# ABT TT-Limited II



## kanapa_dh (Dec 23, 2016)

Hello All (again),

here is my little story about rebuild ABT TT-Limited II (in this moment i need to thanks to few great guys from Polish ClubTT and from TTforum.co.uk, they live in GB and in Ireland, for help with looking for parts for my car).

For begining i need to explain im from Poland and i live here, so please be patient and im apologaize for my English. I hope you all understand me 

Ok, so lets start.

I was look for TT 8n 225 Q in good condition for about 2-2,5 years, in one day i found it and the funniest thing was this car i buyed from my wife uncle (he was first owner in Germany, he moved from Germany to Poland after he closed his company).
There was few important things, one day he hit a dear and he totaly destroy front ABT bumper and right headLight (this is why i asking here in 2016 for any help to find ORI ABT parts, Mr.Qaud and John thank You for help  ).

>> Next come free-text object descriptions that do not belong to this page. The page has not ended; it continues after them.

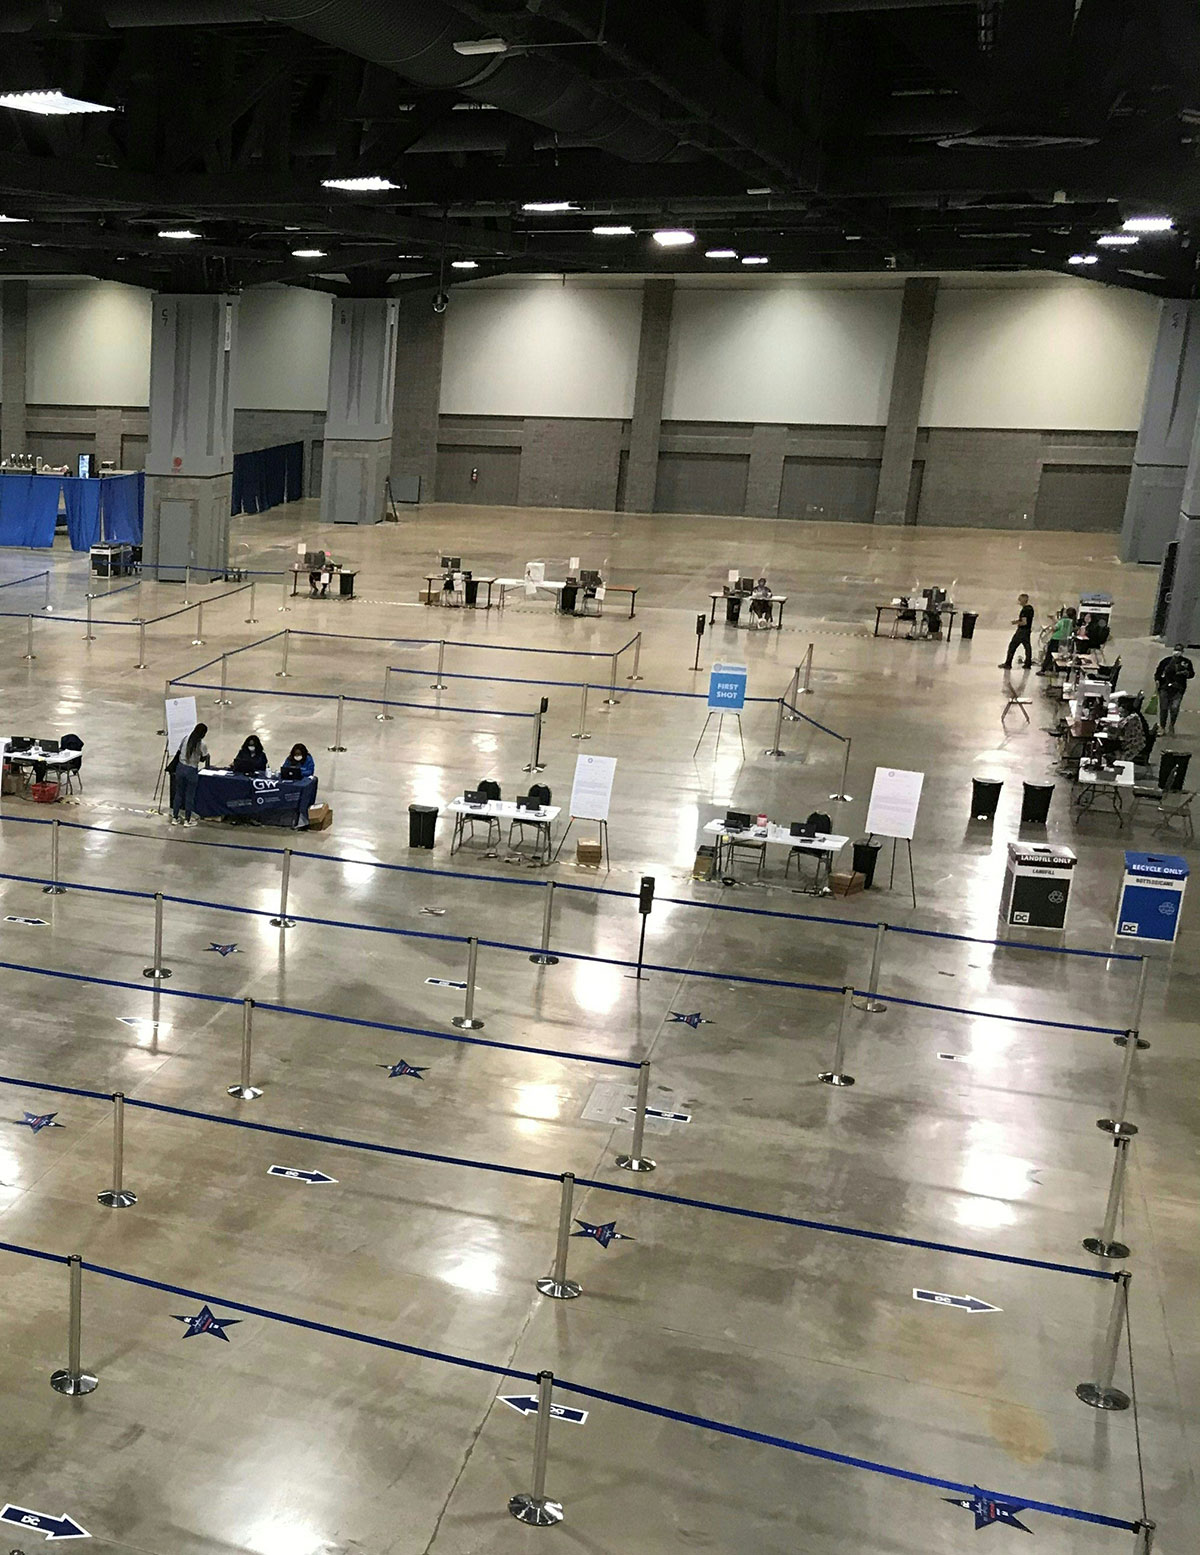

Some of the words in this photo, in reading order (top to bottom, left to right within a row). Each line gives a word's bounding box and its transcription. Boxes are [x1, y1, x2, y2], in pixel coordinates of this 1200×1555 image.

[717, 683, 739, 691] FIRST
[716, 691, 738, 699] SHOT
[253, 779, 279, 790] GW
[1021, 855, 1050, 863] LANDFILL
[1132, 864, 1161, 873] RECYCLE
[1163, 867, 1183, 875] ONLY
[1015, 914, 1028, 922] DC
[1123, 924, 1136, 932] DC
[20, 1515, 40, 1526] DC

He sold
me this car without wheels, i dont know then how hard will be to find ABT SP01 or SP00.
At those day car was looking like this.




Important thing, airbag dosnt blow after hiting dear  i was luck.

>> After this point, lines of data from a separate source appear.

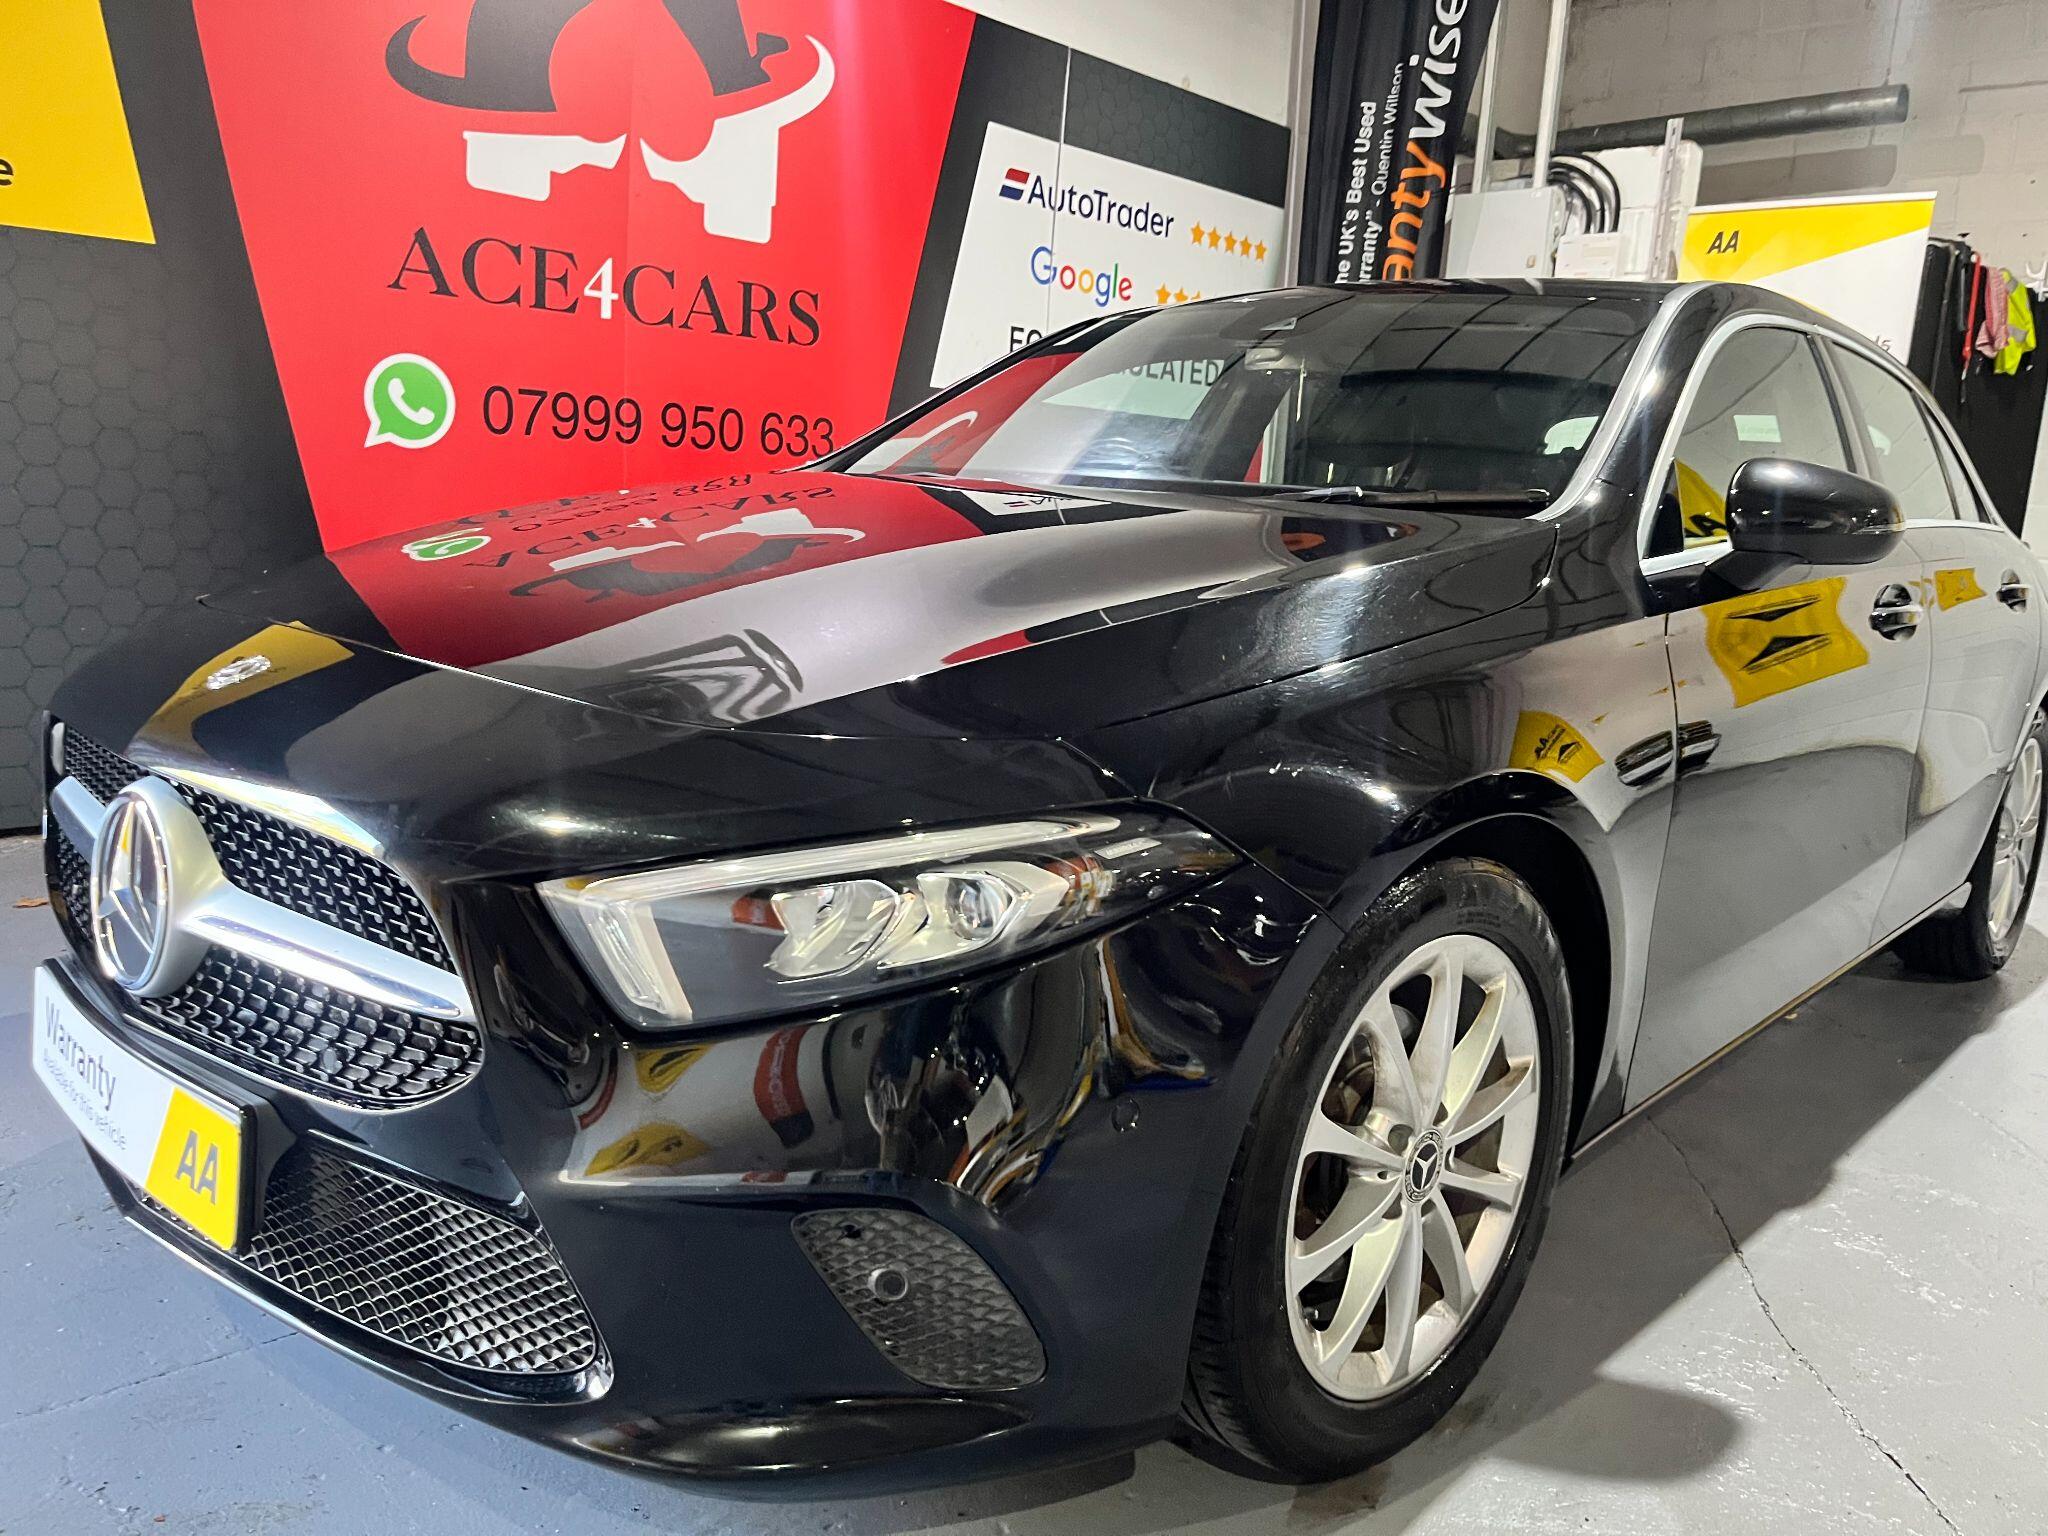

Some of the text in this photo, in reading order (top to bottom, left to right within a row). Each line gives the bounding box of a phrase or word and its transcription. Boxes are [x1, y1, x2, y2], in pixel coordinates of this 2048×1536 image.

[1353, 101, 1377, 153] Used
[1371, 129, 1394, 196] Quentin
[1383, 63, 1404, 125] Willson
[1027, 175, 1175, 238] AutoTrader
[1346, 158, 1368, 203] Best
[1338, 209, 1359, 254] UK's
[1706, 230, 1740, 255] AA
[387, 226, 820, 347] ACE4CARS
[1030, 246, 1133, 307] Google
[483, 385, 834, 457] 07999 950 633
[46, 996, 116, 1111] Warranty
[175, 1130, 218, 1205] AA

First thing was do everything with mechanical problems and then all cosmetics things... however if sometings apeared on aftermarket i was always try to buy it (in UK,IR,Germany,Poland and USA).

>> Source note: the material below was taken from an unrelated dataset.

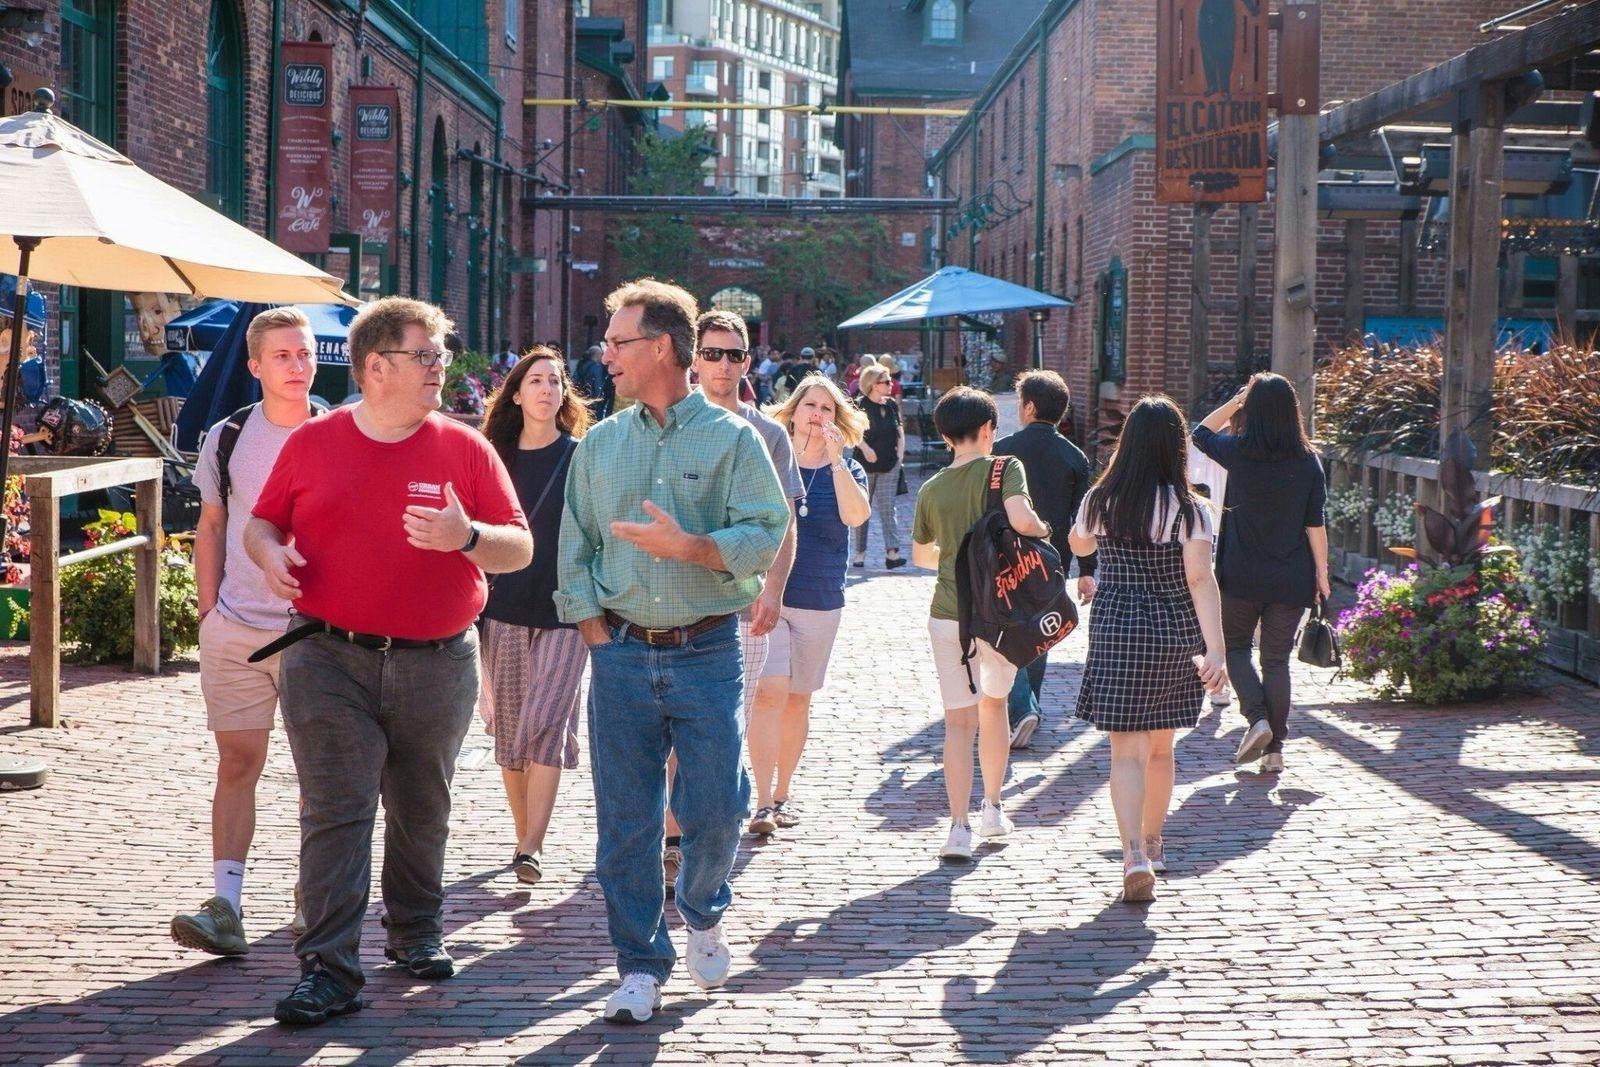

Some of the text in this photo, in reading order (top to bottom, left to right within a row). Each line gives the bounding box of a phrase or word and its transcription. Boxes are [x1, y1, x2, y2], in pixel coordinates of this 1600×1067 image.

[288, 68, 323, 88] Wildly
[290, 90, 320, 99] DELICIOUS
[358, 107, 389, 125] Wildly

Few months later i found alloys ABT SP00 and we will renovate them.

Here is photo after renovation


and later front ABT Grill (new one, i dont know how guys in Germany had it still in ORI box)




i can say only i have a lot of luck 
That was ending of 2017.

In 2018 i exchange a lot of mechanical things for instance new turbo k04(new one from dealer and then i send it to make Hybrid turbo with parts from K64),whole engine hes inspection, new manifold, new cat, IC, new calipers and hoses, discs brakes and lot lot more.
I want to restore original 265hp from ABT.




invoices is in Polsih zloty. (in pounds will be around 2000 pounds without new turbo, programs and manifolds, summary costs was 14000zl and in pounds around 2800)





and at the end of 2018 i found front skirt from ABT, but this time i dont have any luck... because when i recaived it from Germany it was too wide (propably its from Wide Body version) so i need to rebuild it a little to fit to new front bumper.



and thats all for this moment 

In 2019 i need to restore whole ABT suspensions, and i need do it something with this bumper.
So greetings to All of You from KlubTT.pl 

and few more photos...


----------



## StuartDB (Feb 10, 2018)

Blimey I really need to clean my car.. they are immaculate


----------



## benckj (May 23, 2018)

Very cool & rare beast. Good luck with your project.


----------



## kanapa_dh (Dec 23, 2016)

StuartDB said:


> Blimey I really need to clean my car.. they are immaculate


 no they are not, this is only photo. I love cleaning cars and polishing/waxing and much much more (its call in Poland "detailing").

Look at this short movie (i call it MindFck, you will know what i mean after watch)


----------



## kanapa_dh (Dec 23, 2016)

benckj said:


> Very cool & rare beast. Good luck with your project.


Thank You very much


----------



## outdoor stevie (Nov 24, 2013)

Compliments to you for an excellent project good photos and well done and keep the info coming on this unusual car, we all like photos.

Stevie


----------



## kanapa_dh (Dec 23, 2016)

outdoor stevie said:


> Compliments to you for an excellent project good photos and well done and keep the info coming on this unusual car, we all like photos.
> 
> Stevie


Thanks a lot Stevie, im very glad you all like it  
My suspension have for this moment around 17 years and i need to regenerate everything because i saw a little leak in rear its still orginal ABT.
Meantime i exchange lcd screen because (like always in TT 8n) i had dead pixels, and i buyed new interior light (the same classic problem in all older TT 8n).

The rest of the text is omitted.